The Civil Code system is based upon the conceit that smart, high-minded people can anticipate all possible problems and disputes and can write specific rules and regulations that will appropriately address and resolve them. The American Founding Fathers, like the English and their other colonies, did not share that conceit.

The Common Law system is compatible with free markets and minimal regulation of individual and corporate behavior. The Civil Code system is more compatible with a highly-regulated, centrally-planned economy and civil society. Rome presented the original Civil Code system. As was well-understood by the Romans (and by Gibbon), most “barbarians” regarded a surrender to Rome as a forfeiture of a large share of their individual liberties, a deal accepted by those who felt the material benefits of the Roman umbrella seemed more attractive than a free life in a less-developed territory outside the boundaries of the empire.  That type of trade-off is still operative, two millennia later.

It is no coincidence that the last nations that still emphasize individual and market freedoms are those that adopted a Common Law legal system, while the countries that impose more economic or social limitations can be fairly described as Civil Code countries – whether nominally capitalistic (e.g., China, Russia) or unremittingly controlling and repressive (e.g., North Korea, Iran), and whether labeled democratic, leftist, socialist, communist, or fascist.
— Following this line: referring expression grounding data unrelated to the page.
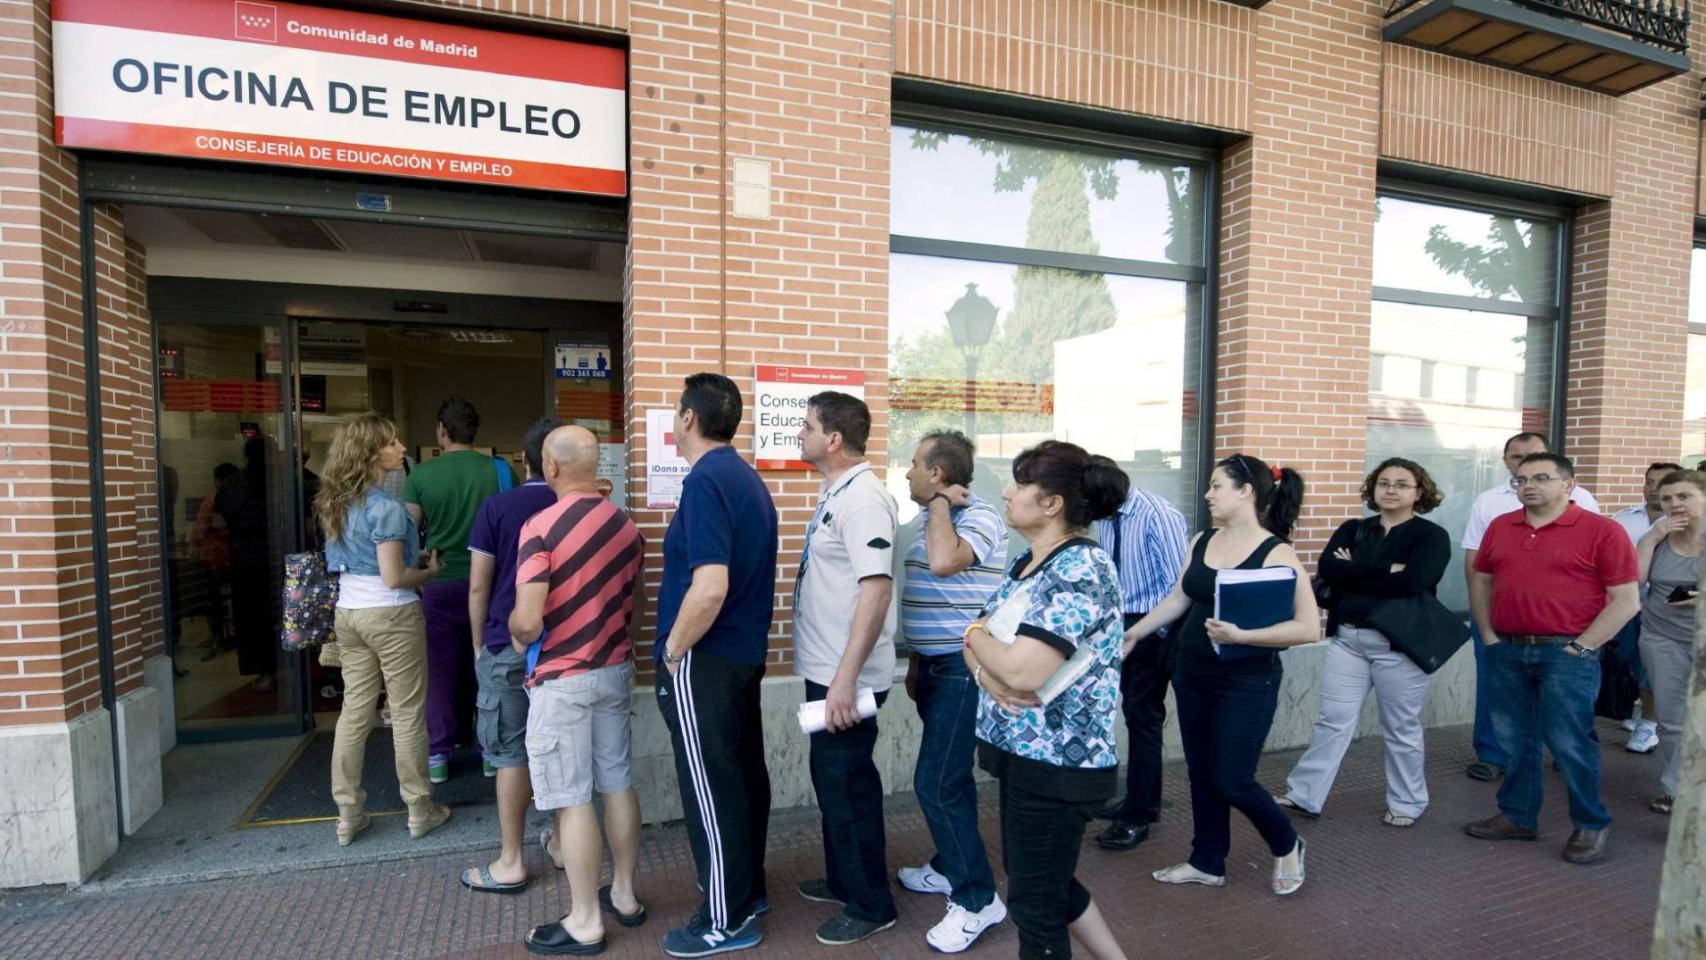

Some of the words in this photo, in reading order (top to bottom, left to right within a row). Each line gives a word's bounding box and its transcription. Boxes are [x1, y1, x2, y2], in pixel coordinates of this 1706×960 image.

[286, 20, 388, 46] Comunidad
[393, 35, 415, 49] de
[420, 38, 478, 58] Madrid
[112, 58, 314, 111] OFICINA
[328, 81, 388, 119] DE
[404, 89, 581, 139] EMPLEO
[195, 135, 305, 158] CONSEJERÍA
[309, 146, 332, 160] DE
[336, 148, 432, 170] EDUCACIÓN
[436, 159, 446, 171] Y
[449, 160, 513, 177] EMPLEO
[760, 393, 808, 408] Conse
[760, 412, 805, 427] Educa
[760, 435, 768, 449] y
All authoritarian regimes, regardless of style or label, are essentially centrally-planned, Civil Code regimes. Authoritarians issue rules, they do not wait for judicial verdicts. Cynics have explained the phenomenon by pointing out that it is simpler to corrupt a politician than to corrupt a judge, and that regulations, which spell out the winners and losers in specific situations rather than following root principles, are often purchased by special interests. In all events, the central-planning, Civil Code model invites corruption.

As Hayek showed, the regulatory reach of central planning can only expand, never contract, as its proponents believe that the solution to every problem that is not solved by existing rules is to adopt more rules. The more advanced the establishment of the planning model, the more difficult and unlikely the un-winding.
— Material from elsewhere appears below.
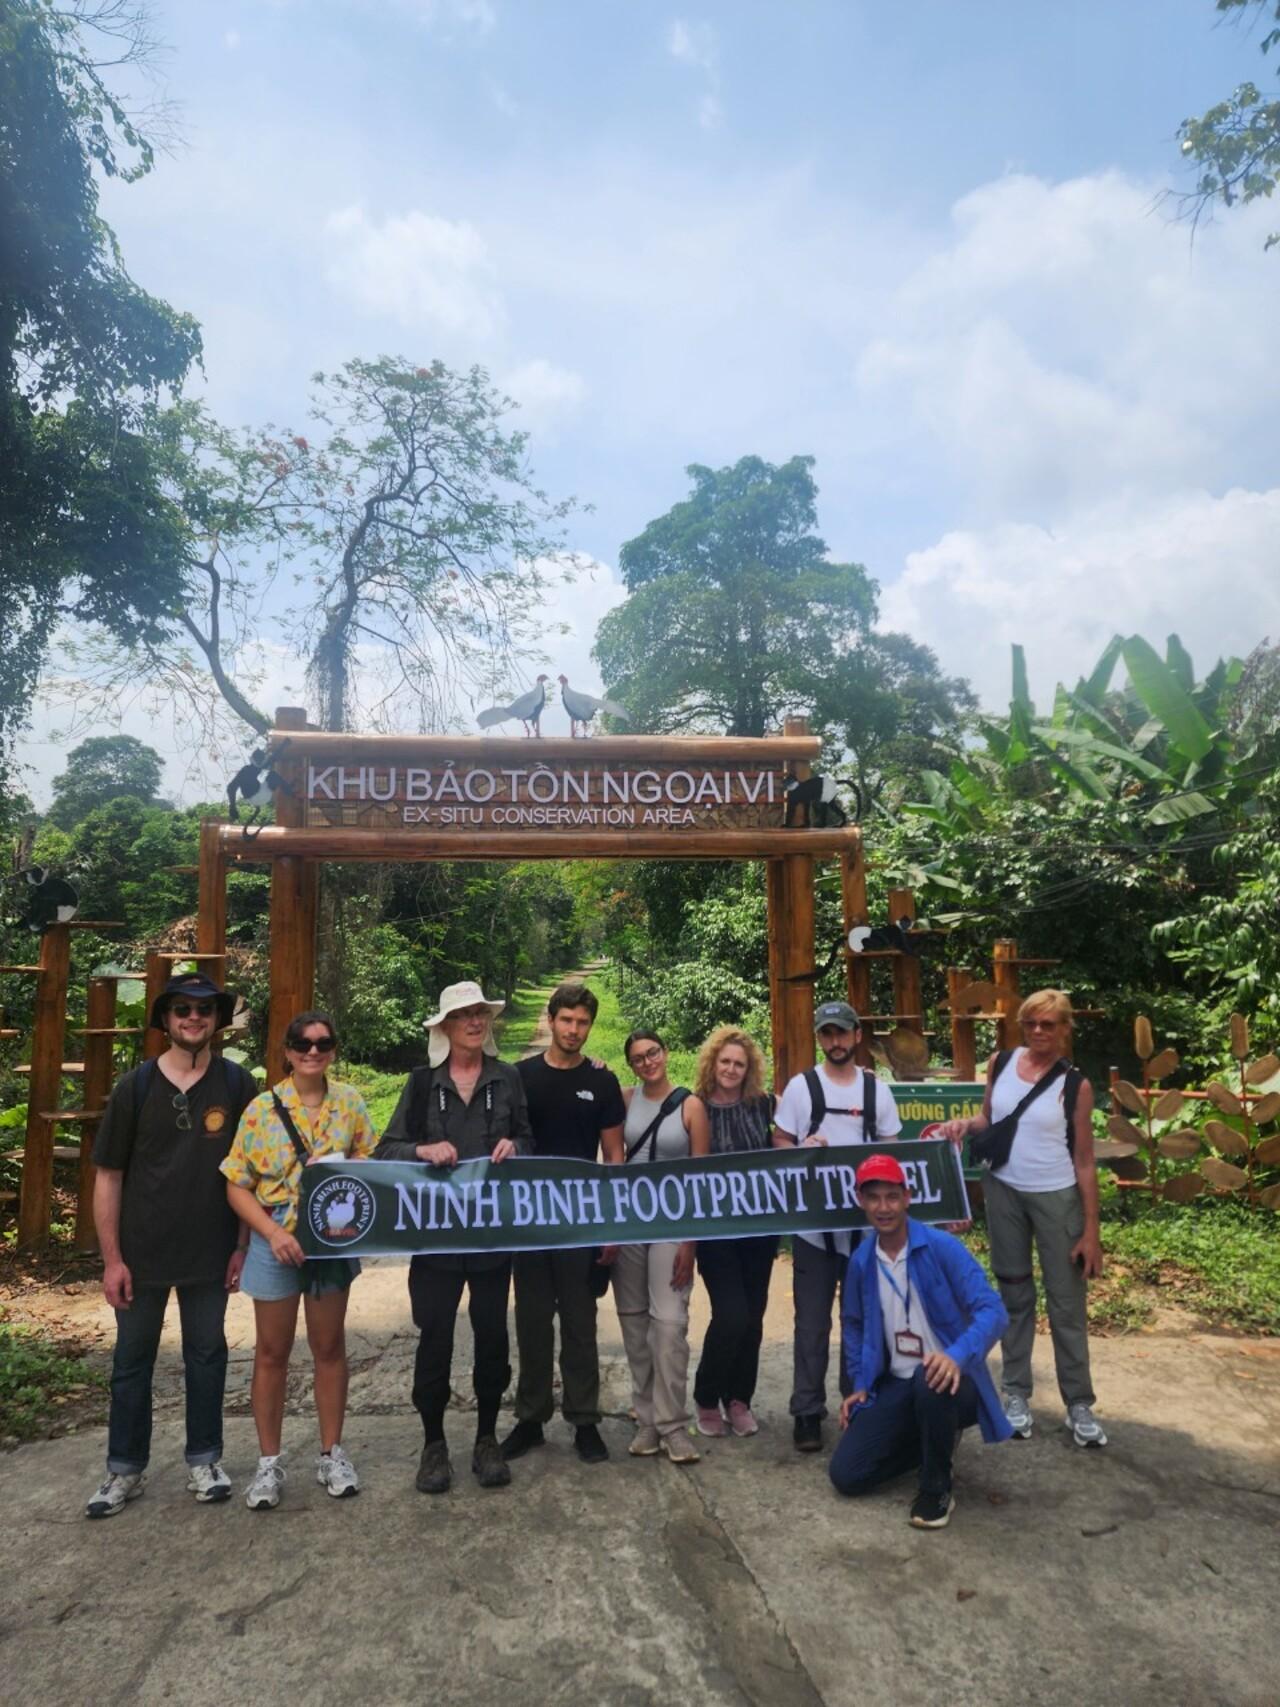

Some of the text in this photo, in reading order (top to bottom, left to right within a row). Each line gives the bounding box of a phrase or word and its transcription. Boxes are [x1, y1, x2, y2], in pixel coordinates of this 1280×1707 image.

[308, 760, 774, 810] KHU BẢO TỒN NGOẠI VI
[403, 806, 696, 825] EX-SITU CONSERVATION AREA
[895, 1099, 945, 1121] ƯỜNG
[393, 1161, 942, 1231] NINH BINH FOOTPRINT TREL
America’s transition to a regulatory state has not been a matter of party politics, though it is generally identified with the Democratic Party. The Tax Reform Act of 1986, which briefly moved us back in the direction of the de-regulated, Common-Law model, was a bi-partisan law under which we switched to a nearly-flat tax and eliminated many special-interest deductions, credits, and other expressions of crony capitalism and social engineering. But it was a Republican President, George H. W. Bush, who initiated the dismantling of the TRA, and though the coup de grace was delivered by the Clinton administration, Republicans have shown themselves to be almost as addicted to over-regulation as Democrats. With the exception of the TRA, the country has been engaged since 1933 in an uninterrupted transformation into a Civil Code nation, and the process cannot be blamed solely upon the Obama regime. Long before 2009, the Internal Revenue Code and the Code of Federal Regulations were unworkable, virtually unintelligible exercises in central planning.
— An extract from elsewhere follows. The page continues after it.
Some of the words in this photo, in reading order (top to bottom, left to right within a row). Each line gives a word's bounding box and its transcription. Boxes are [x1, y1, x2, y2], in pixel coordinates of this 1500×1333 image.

For all practical purposes, America is no longer a Common Law nation. It is simplistic and unrealistic for Americans to complain about excessive, complex, unclear, or unwise regulations. Short of a willful reversion to the Common Law system, we are never going to put the central- planning genie back into the bottle. You cannot just say, Let’s have better regulations. You cannot end the regulatory state by advocating smarter regulations (as does Cass Sunstein, President Obama’s former “Regulatory Czar”),  or by advocating clearer, simpler, and easier-to-administer regulations (as does Prof. Davis) . Not going to happen. Once you start playing on Prof. Sunstein’s home field, you have already lost the game.